Walking past this soda machine, it finally hit me that something seemed a little odd. There was an alley way that seemed to go no where. Then the map sign gave it away. It turns out, that the alley way does go somewhere. It's an entrance way to a nature trail that's very well hidden and tucked in within the town. The trail is only about 200-250 meters in total length, but it is a nice change of scenery. See the photo album. The trail is actually named 'Tiidagaa Forest' Park, which was written in Katankana and Kanji. Tiidagaa, I was told, is Hogen (Okinawan native language) that gives reference to the Sun and River.

As you go through the trail you will see wooden floor platforms for viewing, either for educational purposes or praying. Then there are three areas along the trail that have pools of water (almost just like a large puddle). On the sign, they were referred to as a 'well'. On the map (in the photo album), these 'wells' were identified by a 'blue' dot. This may be a small insignificant trail, but if you are really into hole-in-the-wall kinds of stuff then you may find it a small joy walking though this trail.

CAUTION. There was a lot of overgrowth on this trail. I recommend wearing pants and long sleeves, especially during certain times of the year. There were a lot of bugs... bugs I have never seen before. If you like bugs then this is the place to go. There were also a lot of mosquitoes. Again, depending on the time of the year, you may see a lot of them. Recommend, using a bug repellant. Wear gloves if you have them. I highly recommend not wearing any sandals either. Additionally bring an umbrella or a walking stick to help brush away possible spider webs and vegetation on the trail.
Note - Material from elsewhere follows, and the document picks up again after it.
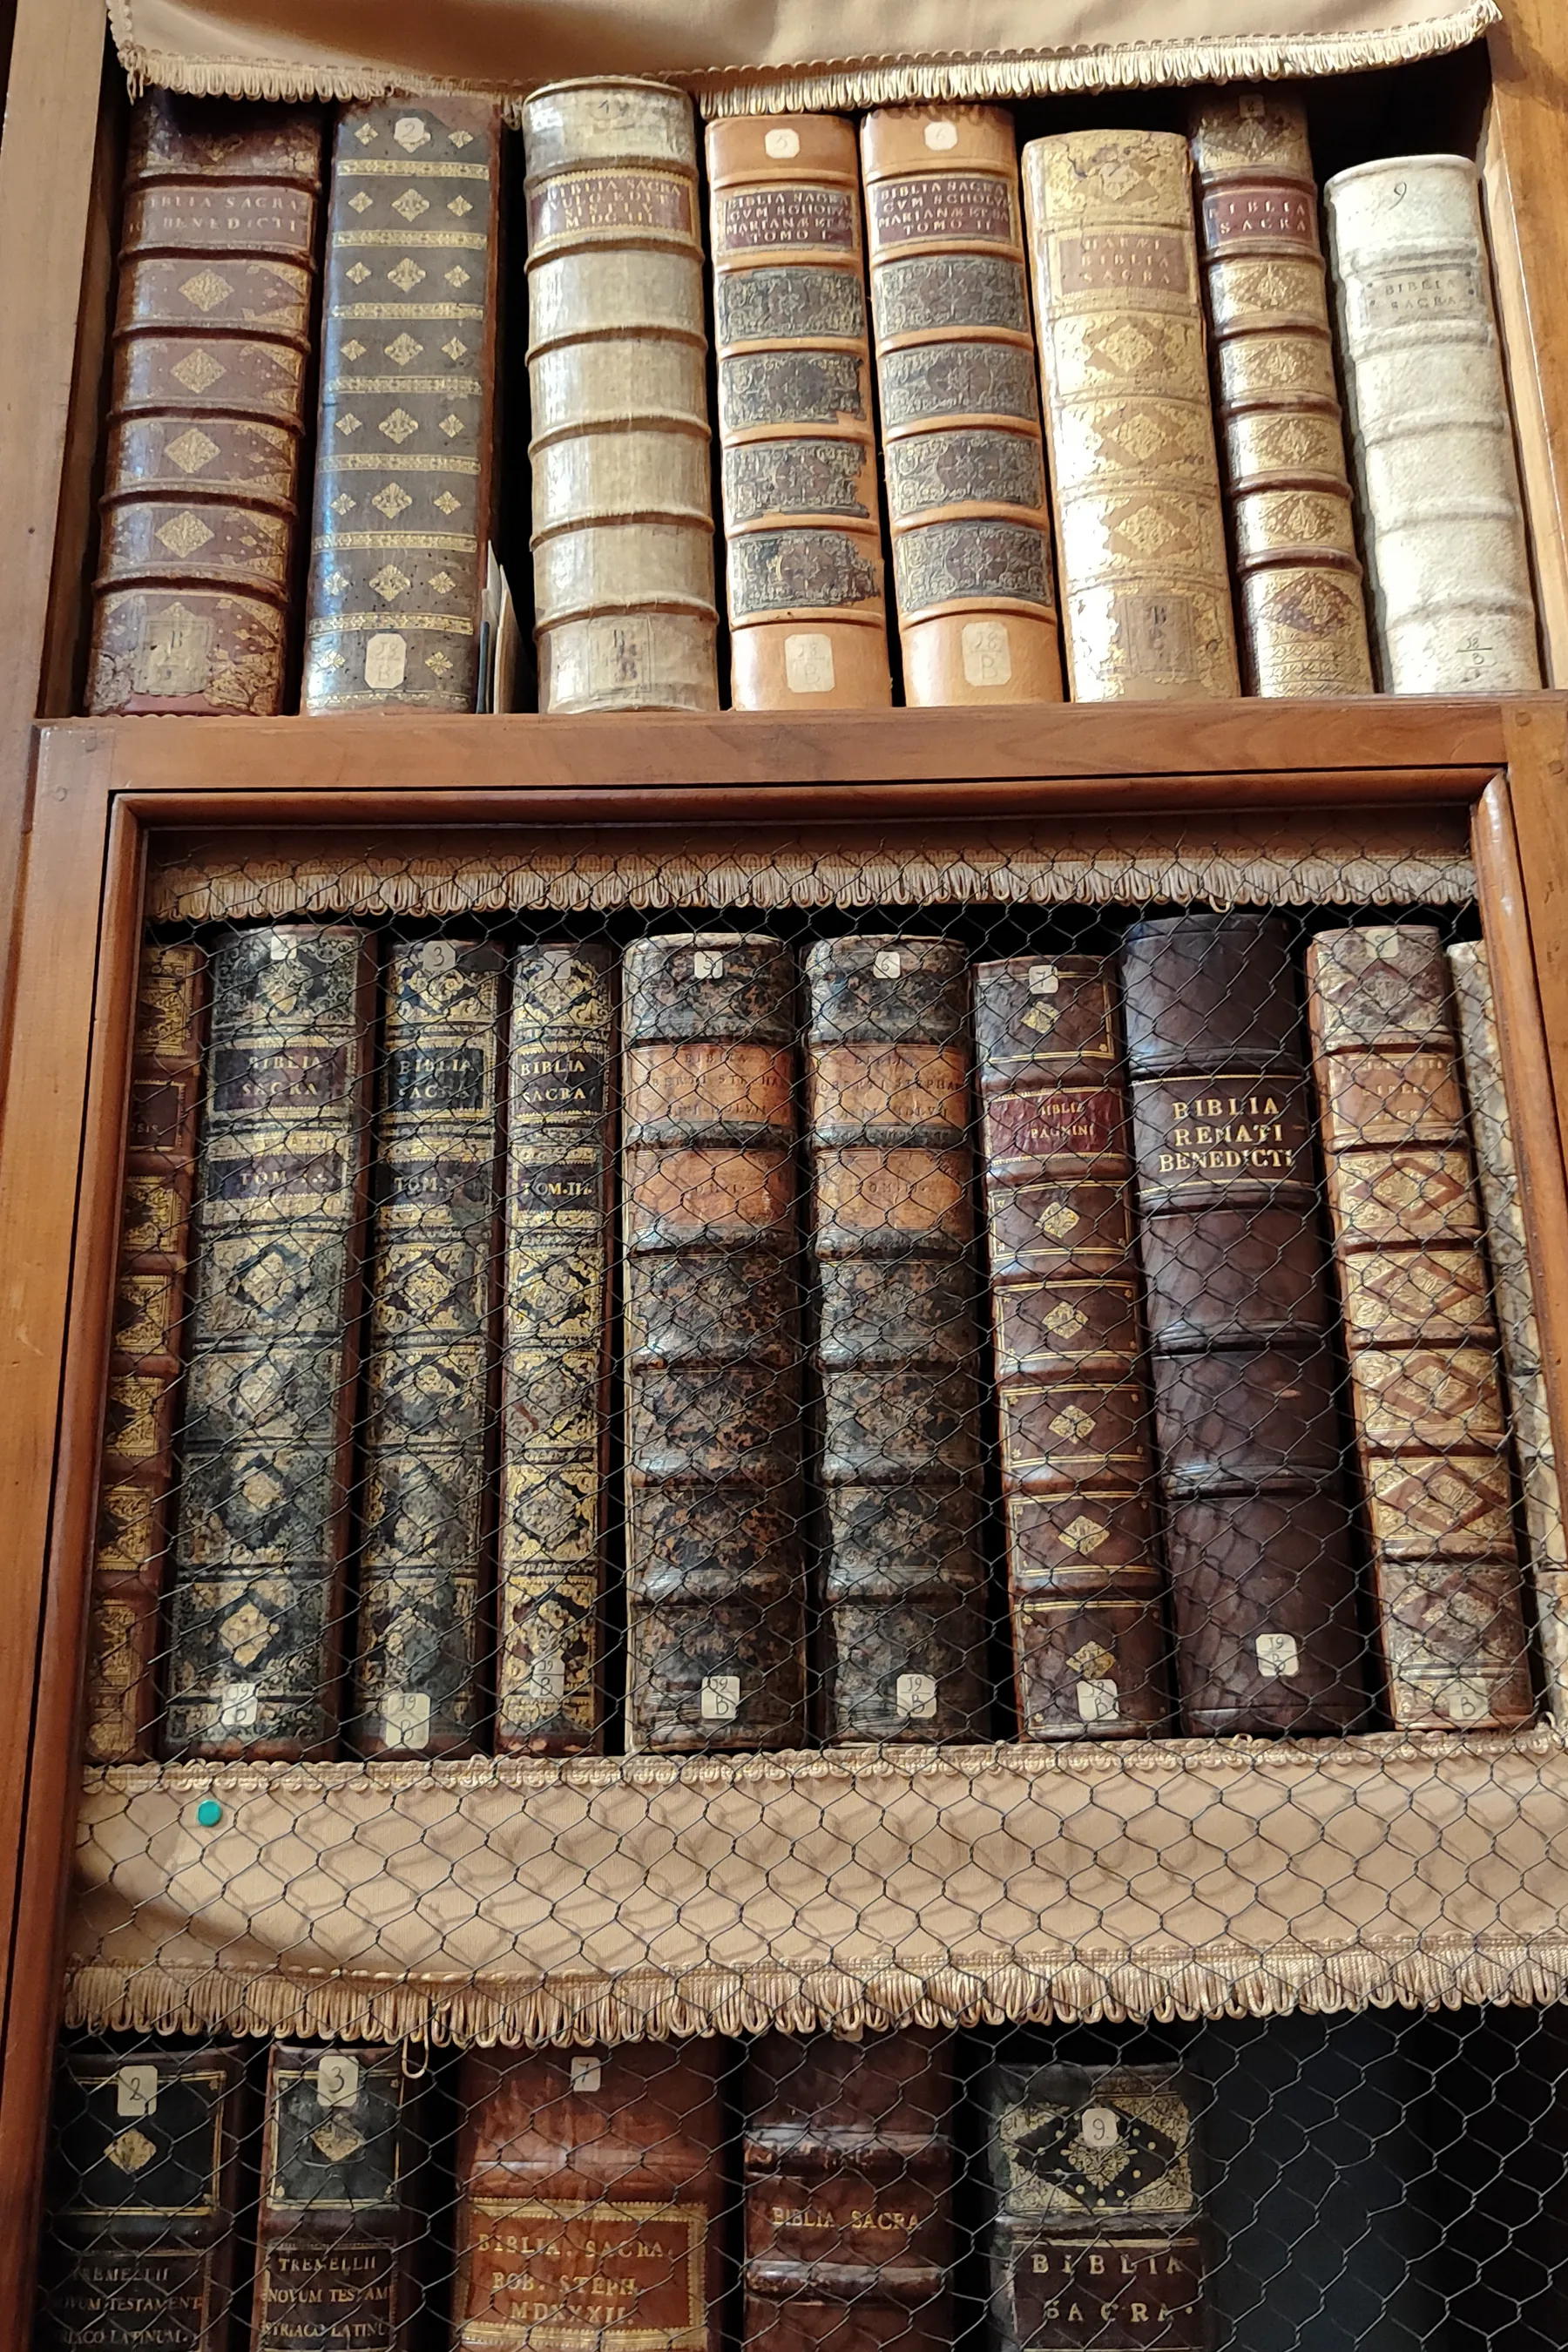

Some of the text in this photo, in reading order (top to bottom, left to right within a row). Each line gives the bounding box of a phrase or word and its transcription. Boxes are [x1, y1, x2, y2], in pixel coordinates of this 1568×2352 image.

I didn't see any snakes but it something always to be wary of. Don't let any of this scare you. I just wanted you to be prepared. I'm a big believer in 'trail maintenance'. When trails are not maintained, over time, they can disappear and become inaccessible and more importantly, they become unsafe. The more and more people use trails it prevents overgrowth.  

How to get there. If you look at the map, you will it is not far from Highway 329. You will see two landmarks where you turn off. Once you make the turn, it's only about 400-500 meters away where you will see that Coke Machine.
What to bring. Umbrella and/or walking stick, appropriate clothing, water, and a camera.